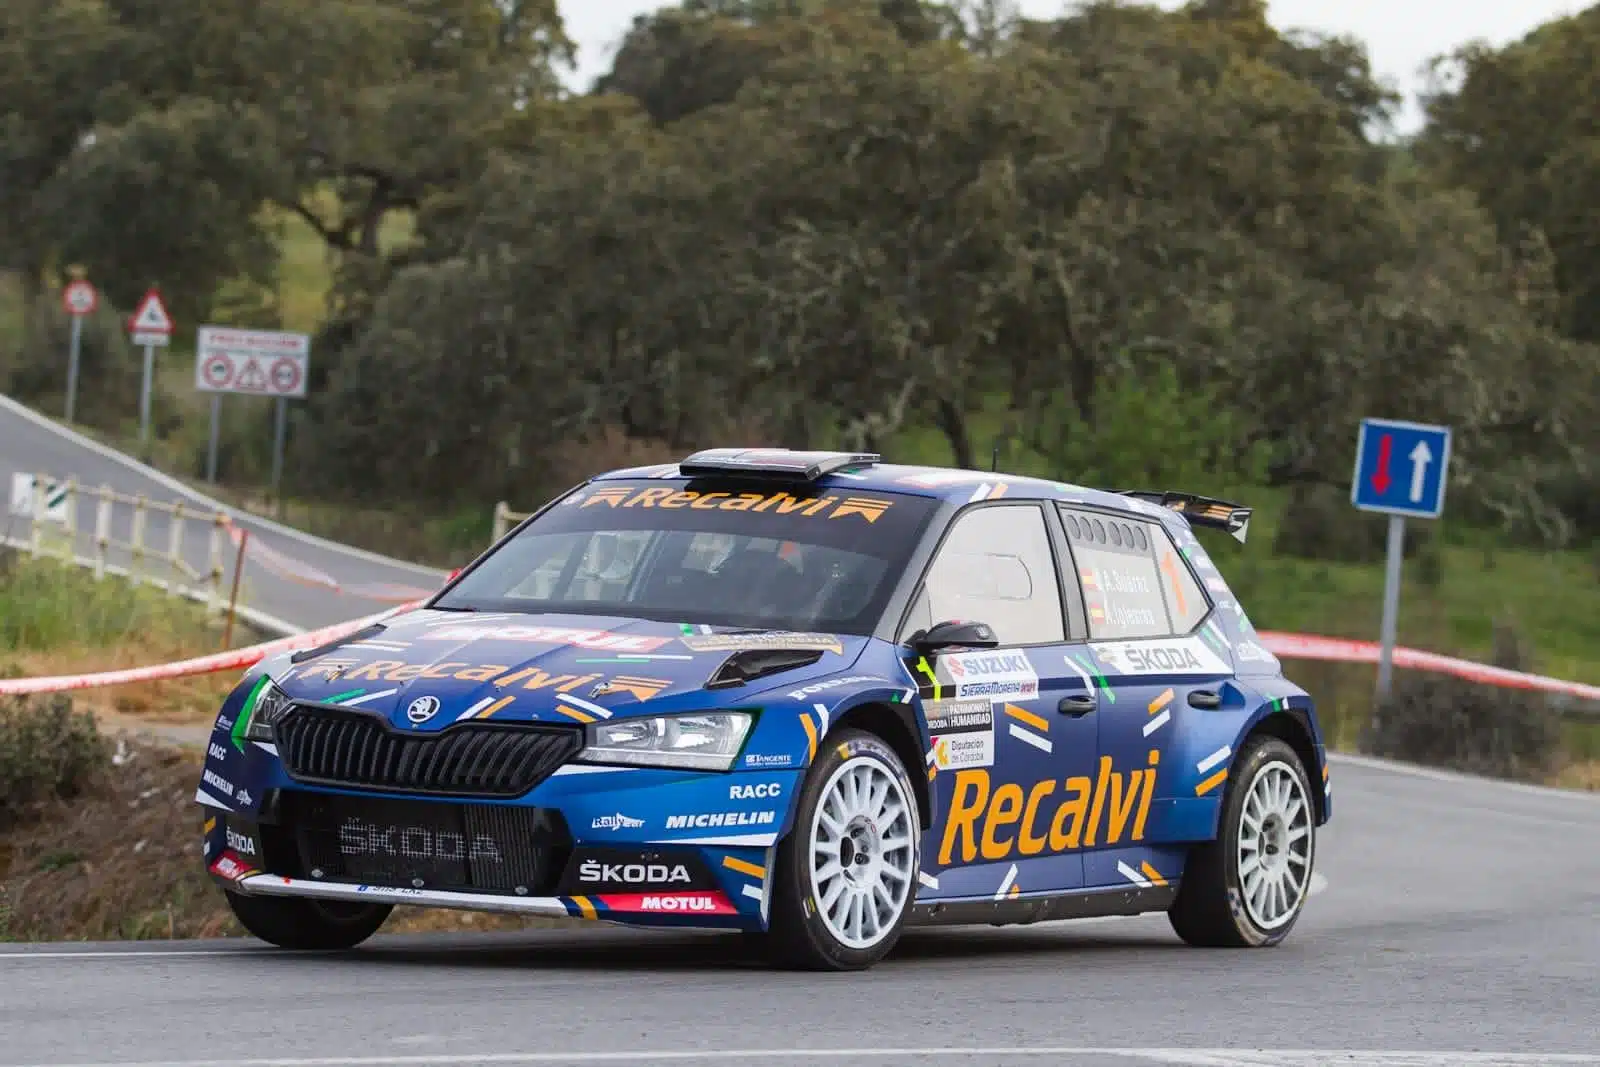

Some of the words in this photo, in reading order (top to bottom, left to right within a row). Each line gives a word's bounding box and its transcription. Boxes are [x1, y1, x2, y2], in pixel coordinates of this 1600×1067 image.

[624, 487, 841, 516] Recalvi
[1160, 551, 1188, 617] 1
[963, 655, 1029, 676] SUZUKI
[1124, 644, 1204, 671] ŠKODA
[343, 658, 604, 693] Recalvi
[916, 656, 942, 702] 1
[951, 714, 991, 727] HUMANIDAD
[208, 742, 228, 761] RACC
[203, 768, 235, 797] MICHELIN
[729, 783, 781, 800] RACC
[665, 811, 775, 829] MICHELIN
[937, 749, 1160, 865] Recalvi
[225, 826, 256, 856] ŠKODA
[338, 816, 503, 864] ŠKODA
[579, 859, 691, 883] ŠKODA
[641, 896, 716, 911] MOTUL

## ACTIVITY
When you copy the data above, keep each line exact and omit the pictures.

## ANSWER FOR THE TASK
Some of the words in this photo, in reading order (top to bottom, left to right within a row). Each line gives a word's bounding box and its transcription. Boxes are [x1, y1, x2, y2], in pixel coordinates of this 1600×1067 image.

[624, 487, 841, 516] Recalvi
[1160, 551, 1188, 617] 1
[963, 655, 1029, 676] SUZUKI
[1124, 644, 1204, 671] ŠKODA
[343, 658, 604, 693] Recalvi
[916, 656, 942, 702] 1
[951, 714, 991, 727] HUMANIDAD
[208, 742, 228, 761] RACC
[203, 768, 235, 797] MICHELIN
[729, 783, 781, 800] RACC
[665, 811, 775, 829] MICHELIN
[937, 749, 1160, 865] Recalvi
[225, 826, 256, 856] ŠKODA
[338, 816, 503, 864] ŠKODA
[579, 859, 691, 883] ŠKODA
[641, 896, 716, 911] MOTUL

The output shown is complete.